Kalau dihitung-dihitung, tidak sedikit blogger yang berdomilisi di Bogor. Bogor sendiri memiliki satu komunitas blogger yang memiliki banyak partisipan. Namun kembali ke sifat awal saya tadi, saya lebih memilih untuk tidak bergabung dalam komunitas tersebut. Saya lebih nyaman untuk menjadi blogger independen dan membuat jaringannya sendiri sesuai dengan passion dan kesukaan saya. Tidak hanya sekedar berkumpul dalam satu komunitas dan dipersatukan atas nama blogger.

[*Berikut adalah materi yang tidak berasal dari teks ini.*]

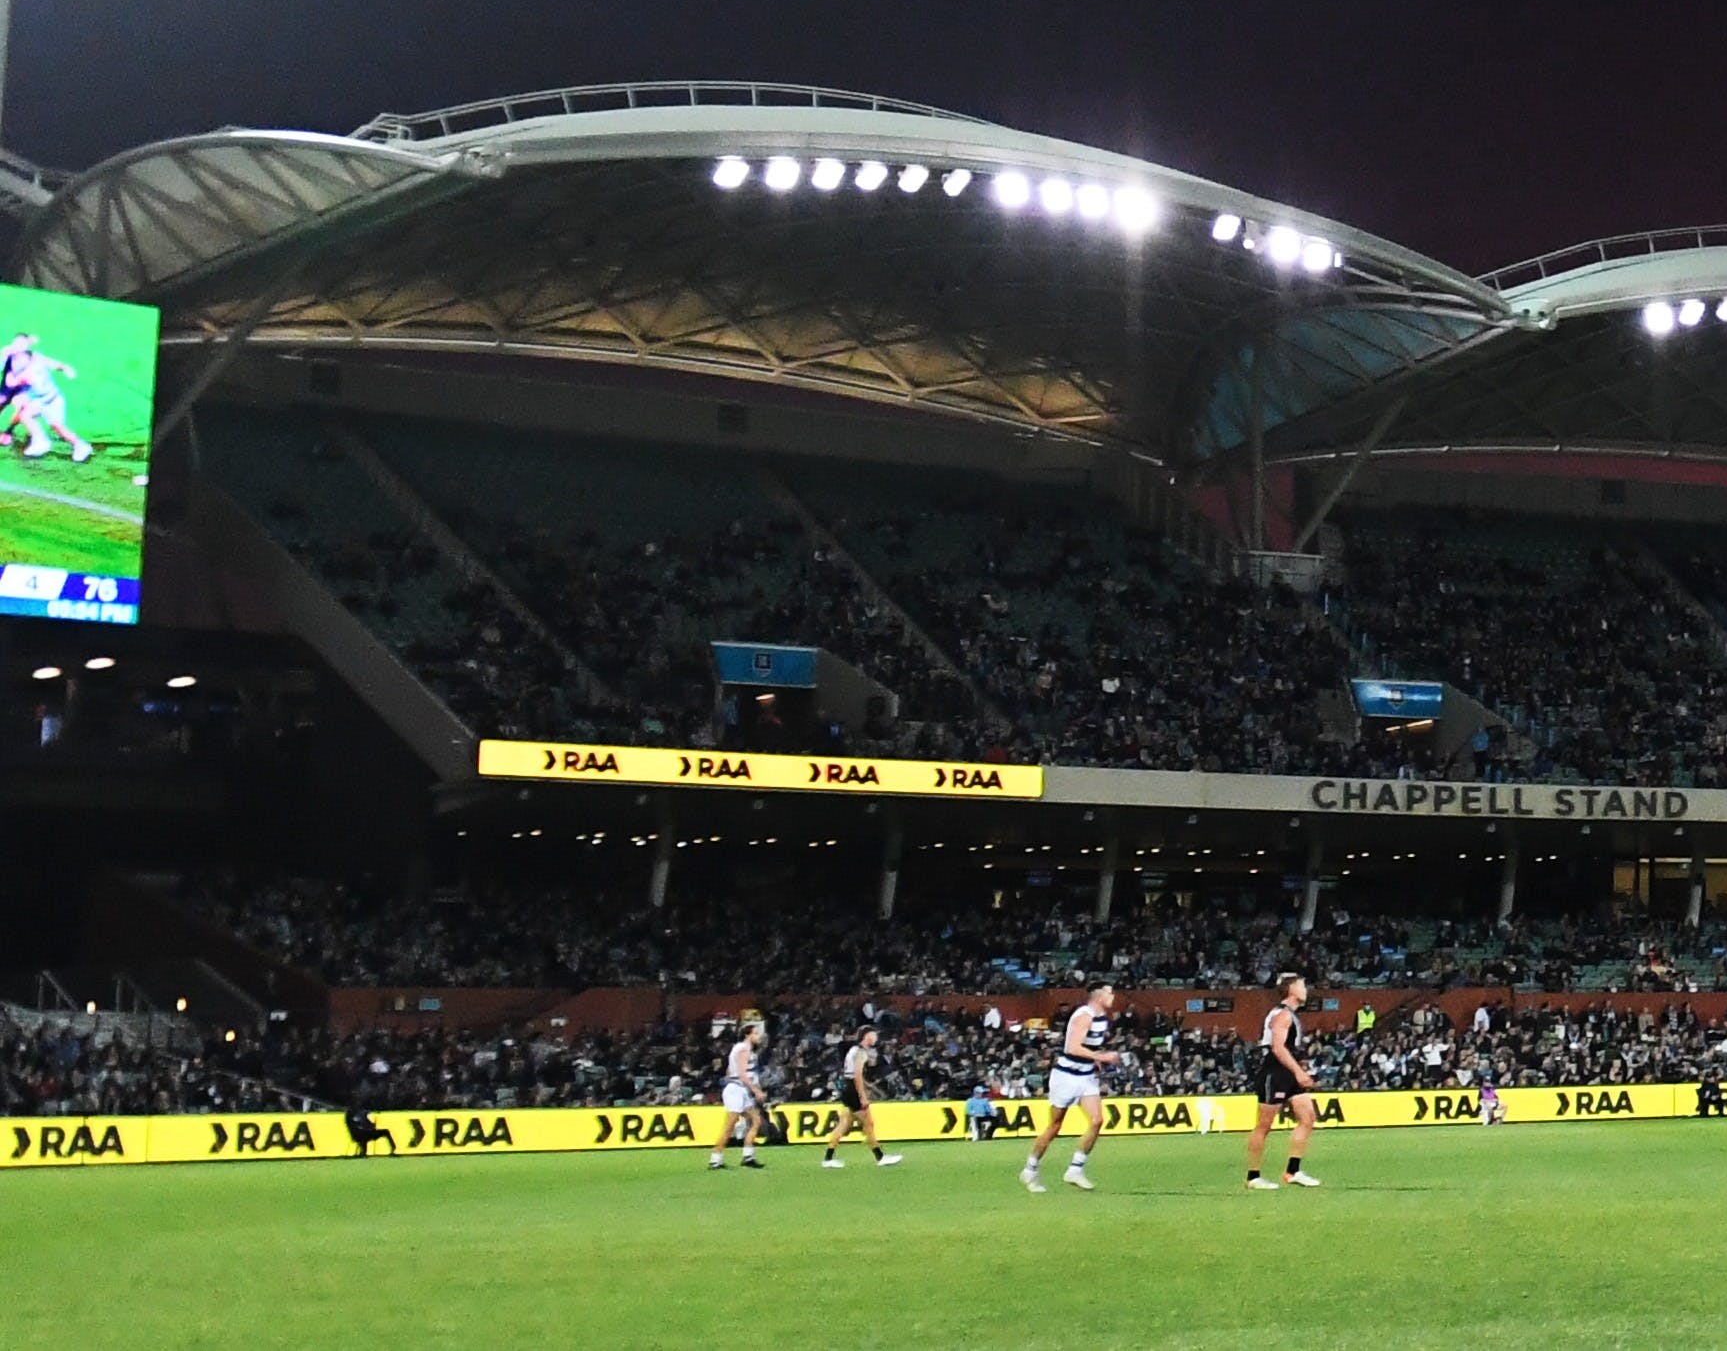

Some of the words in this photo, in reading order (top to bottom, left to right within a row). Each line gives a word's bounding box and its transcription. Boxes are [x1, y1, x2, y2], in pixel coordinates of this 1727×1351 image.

[83, 576, 119, 602] 76
[101, 602, 133, 623] PM
[563, 752, 620, 773] RAA
[698, 756, 754, 779] RAA
[826, 763, 880, 784] RAA
[952, 768, 1004, 790] RAA
[1311, 779, 1535, 816] CHAPPELL
[1554, 789, 1689, 818] STAND
[1128, 1102, 1193, 1130] RAA
[1575, 1090, 1635, 1115] RAA
[434, 1117, 514, 1148] RAA
[621, 1113, 695, 1143] RAA
[965, 1105, 1036, 1133] AA
[38, 1125, 125, 1158] RAA
[236, 1121, 316, 1153] RAA

Dan Pagit adalah blogger asal Bogor yang namanya sering saya dengar karena dia berteman baik dengan Mila dan Cipu. Saya dan Pagit tidak sering bertukar sapa di dunia maya, pun kami jarang berkunjung dan meninggalkan komentar di blog satu sama lain. Tapi satu waktu saya iseng meninggalkan komentar di blog Pagit mengajakknya pinjam meminjam koleksi novel. Komentar saya ditanggapi positif dan berlanjut pada tukar-menukar list koleksi novel masing-masing hingga akhirnya kami bertemu di salah satu kedai kopi ternama membawa novel yang akan saling dipinjamkan. Bohong kalau saya tidak nervous menghadapi kopdar one on one ini, namun kekhawatiran saya tidak terjadi. Banyak hal menyenangkan yang saya dan Pagit obrolkan sore itu, mulai dari pekerjaan masing-masing, novel favorit, cerita perjalanan. Di beberapa titik memang sempat terjadi dead air dan terasa canggung, namun tak berapa lama obrolan kembali mengalir.

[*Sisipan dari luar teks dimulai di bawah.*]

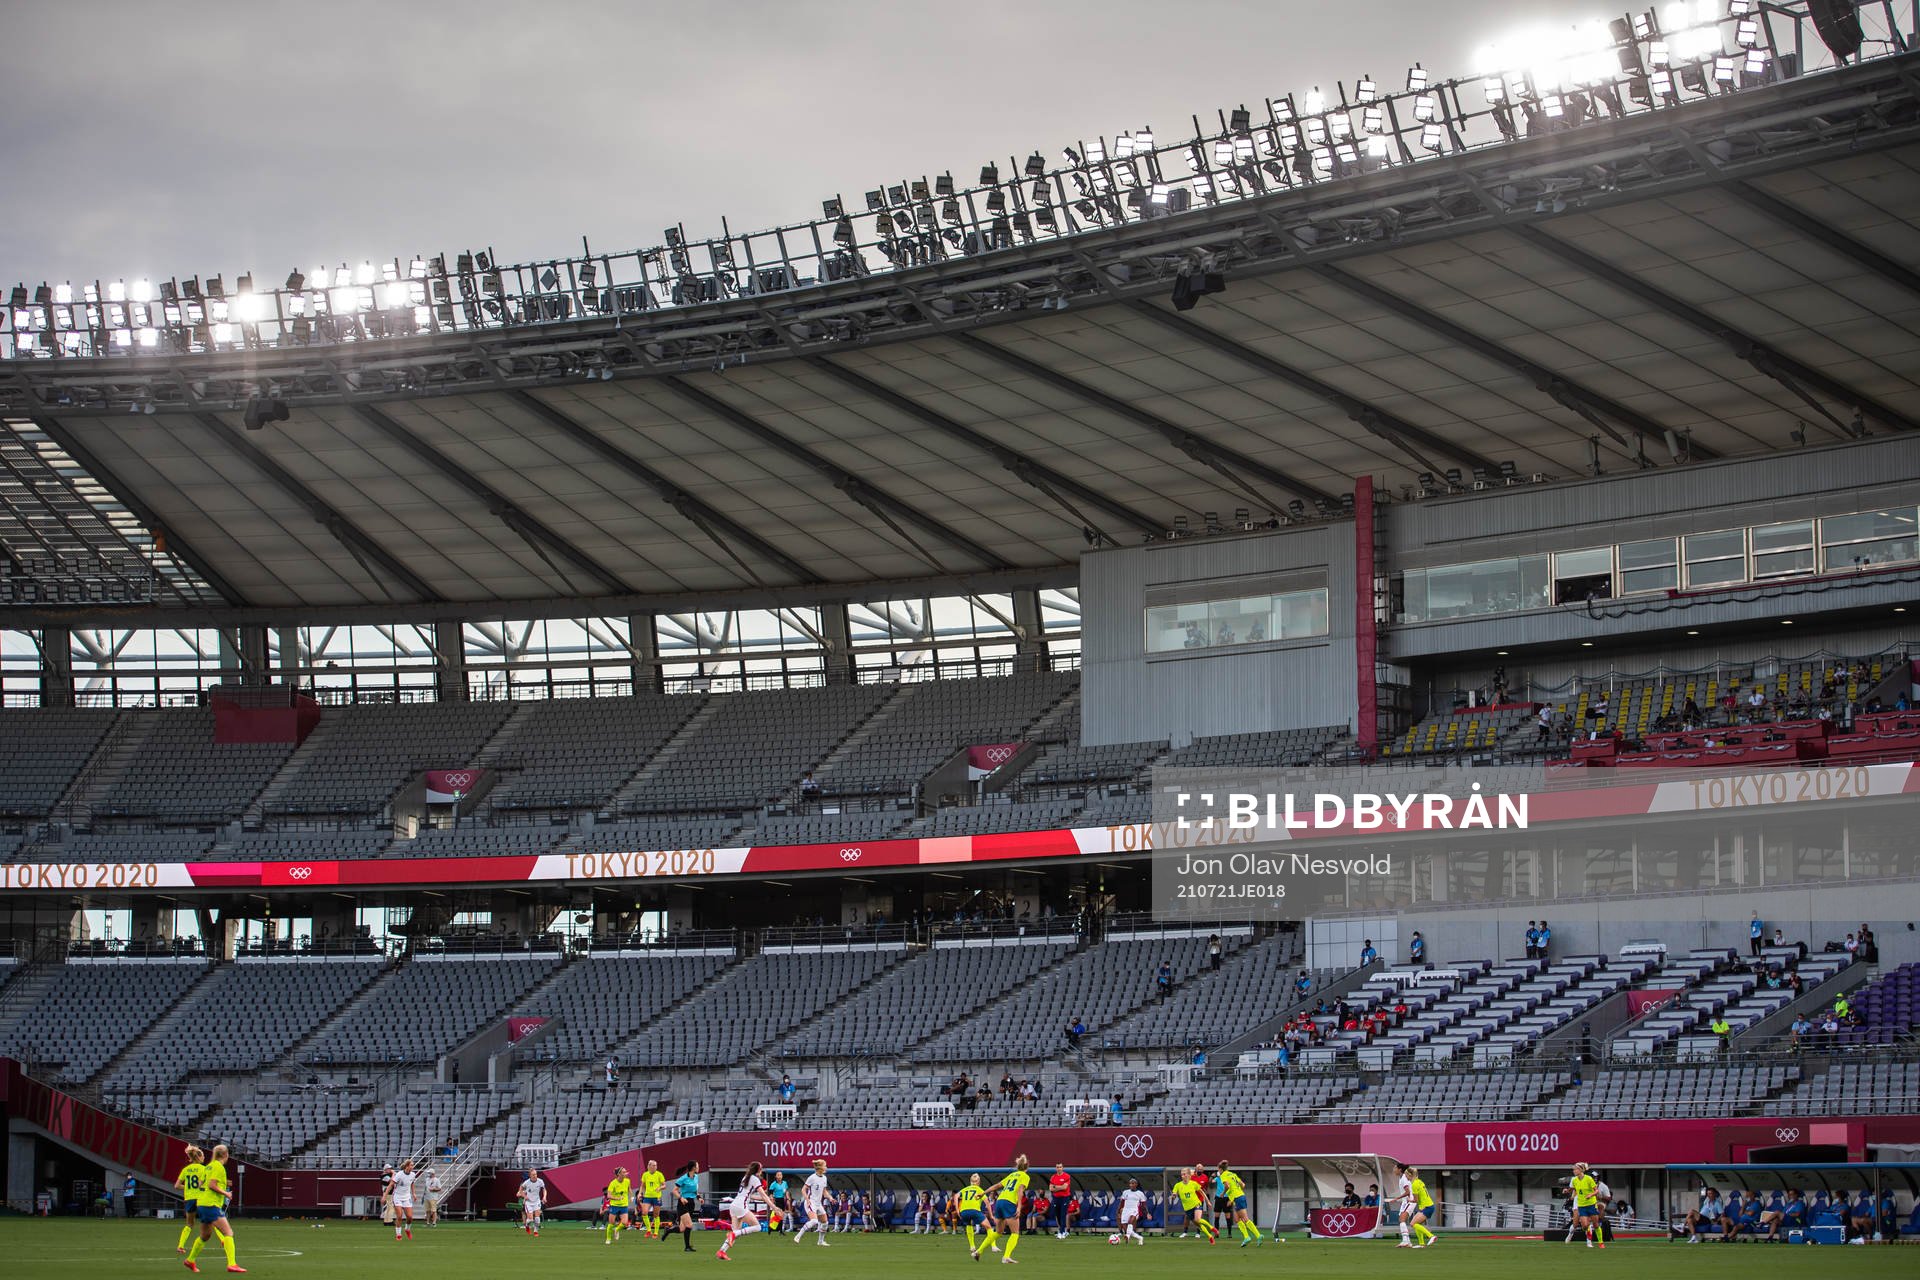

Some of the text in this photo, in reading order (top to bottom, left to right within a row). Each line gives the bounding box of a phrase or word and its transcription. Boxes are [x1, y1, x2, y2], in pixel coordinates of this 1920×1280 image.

[1689, 766, 1870, 809] TOKYO 2020
[1106, 822, 1188, 852] TOKYO
[565, 849, 715, 879] TOKYO 2020
[1, 864, 158, 888] TOKYO 2020
[100, 1116, 169, 1178] 2020
[763, 1141, 837, 1157] TOKYO 2020
[1465, 1133, 1559, 1152] TOKYO 2020
[186, 1175, 199, 1190] 18
[1003, 1179, 1018, 1192] 14
[963, 1190, 977, 1201] 17

Kopdar saya lainnya yang tergolong nekat adalah dengan Rhein Fathia. Baik saya dan dia sama sekali tidak mengenal satu sama lain. Saya jarang membaca postingan di blog Rhein begitupun dengan dia. Pertemanan kami terjadi ketika Rhein menerbitkan novel terbarunya di lini Bentang Pustaka dan semesta membelit pertemanan kami karena saya bergabung dengan Mizan dimana beberapa novel Rhein sebelumnya diterbitkan disana. Kami saling bertanya beberapa hal mengenai dua penerbit besar tersebut.Saya bertanya tentang Mizan dan Rhein bertanya tentang Bentang.

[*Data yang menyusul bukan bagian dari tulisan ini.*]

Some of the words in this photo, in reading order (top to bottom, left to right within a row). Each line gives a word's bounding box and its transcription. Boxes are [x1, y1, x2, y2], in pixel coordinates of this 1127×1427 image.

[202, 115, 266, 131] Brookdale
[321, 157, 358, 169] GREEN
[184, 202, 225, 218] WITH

Saya dan Rhein sama-sama berdomisili di kota Bogor. Rasanya konyol jika kami tidak pernah bertatap muka langsung. Maka lagi-lagi, kedai kopi itu yang menjadi tempat pilihan untuk bertemu. Dengan sofa-sofa besar, kopi enak, dan hujan yang terus mengguyur Bogor, ah mengapa yang kopdar dengan saya di suasana seromantis itu adalah blogger perempuan? Dan lagi-lagi saya nervous dengan kopdar kali ini. Saya dan Rhein benar-benar dua orang yang asing. Mau ngobrol apa nanti? Jawabannya adalah enam jam ngobrol non stop dan berpindah ke kedai makan tak jauh dari kedai kopi tersebut. Gosip sesama penulis, seluk beluk dunia penerbitan, hal-hal yang jarang saya dengar dan saya bagi itu membuat waktu berlalu tanpa terasa *sampai lupa foto bareng malah*
Belajar dari kesuksesan kopdar one on one dengan blogger yang cukup asing ini ternyata semua kekhawatiran saya tidak terbukti *syukurlah*. Secara tidak langsung hal ini meningkatkan rasa percaya diri saya untuk bertatap muka langsung, one on one, dengan teman blogger lainnya.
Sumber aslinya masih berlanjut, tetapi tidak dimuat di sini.